The very beautiful thing, apart from the color cinematography, is the vacuous presentation of all the various avenues, such as sport and librarianship and the popular venue, so that only the genuine article may be estimated, at all odds, five bob.

 

Land and Freedom

You’re standing outside the theater, maybe on a college campus, about to see Ken Loach’s new film, it may be, and some disordered females hawk at you a placid but urgent diatribe and a nicely-printed newsletter from the Revolutionary Communist Party of wherever, complete with Mao’s lonely-flower-poem on the back, all very friendly if hurried, and a request to donate something for support.

For some reason, left to yourself, you look around you for a moment and try to imagine to yourself just what on God’s green earth all this folderol can have in common with the Abraham Lincoln Brigade and Hemingway and all that sort of thing a long time ago, and so you make this film.

And so, too, when the local sodality is picketing the theater where you are about to see Godard’s ‘Je vous salue, Marie’, you pay no notice whatsoever.

 

The Wind That Shakes the Barley

The play, as Hitchcock would say, is nominally to do with Ireland in the Twenties. The questions are first whether foreign occupation can be ended, second is the nation to have its own wealth. These have been viewed by film critics as appertaining to Iraq and Marx, respectively.

A sense of anachronism is biting in several places, these shrill Black and Tans have the manner of Cops on TV (“I’ll take you out,” says one), “the energy in this room” could carry the day (said around the treaty), hugs are not forborne.

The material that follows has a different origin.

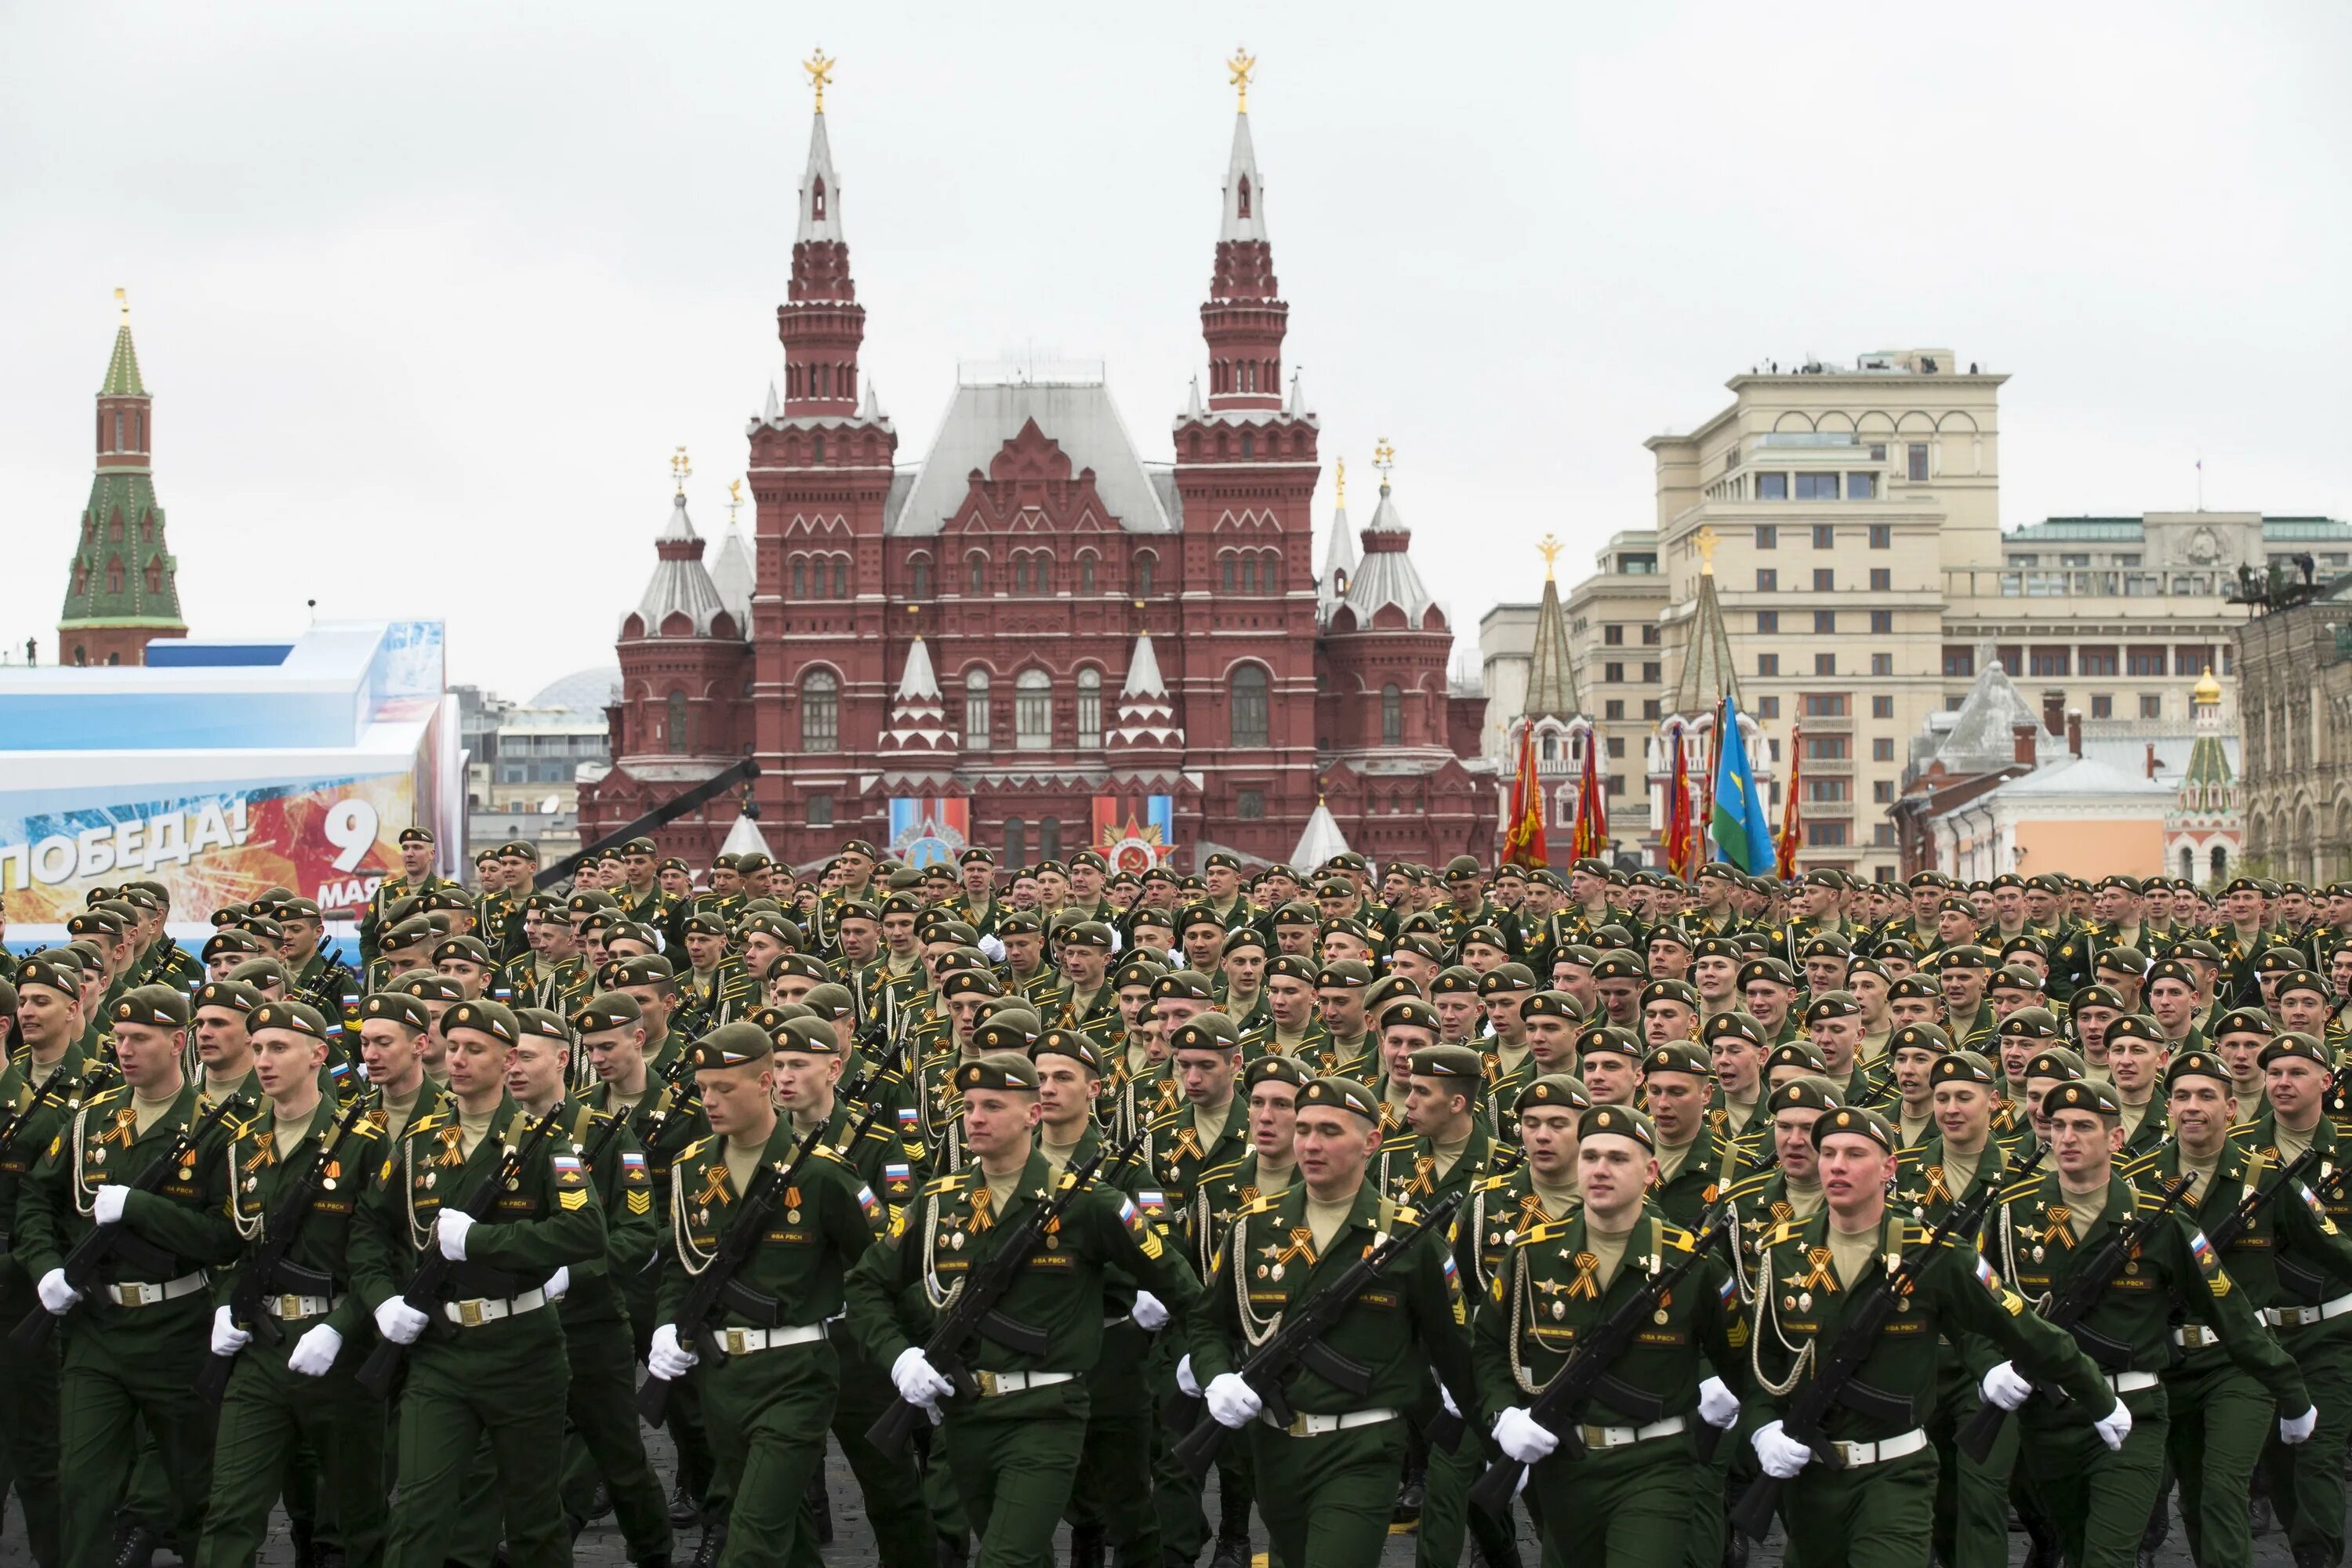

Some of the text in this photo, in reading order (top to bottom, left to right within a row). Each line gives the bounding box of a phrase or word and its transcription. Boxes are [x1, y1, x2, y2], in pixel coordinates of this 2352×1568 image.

[0, 798, 249, 893] ПОБЕДА!
[325, 799, 378, 873] 9
[318, 877, 381, 909] МАЯ

Loach drops one shoe with color cinematography worth looking at, the other in a final image of Ireland widowed before the bridal bed, the moiety dead and buried, the rest banished, the house a blackened shell. This image is developed out of Lumet’s Lovin’ Molly, where it is built up with great care, and ultimately is an expression of Hitchcock at the end of Juno and the Paycock.

If your Tory is put out of countenance by all this, your Whig sees not at all the satire of himself, only the long yawn between dropped shoes.

The train station from Beckett’s Watt and Ford’s The Rising of the Moon appears, availed of careful set decoration to give an approximation of the time.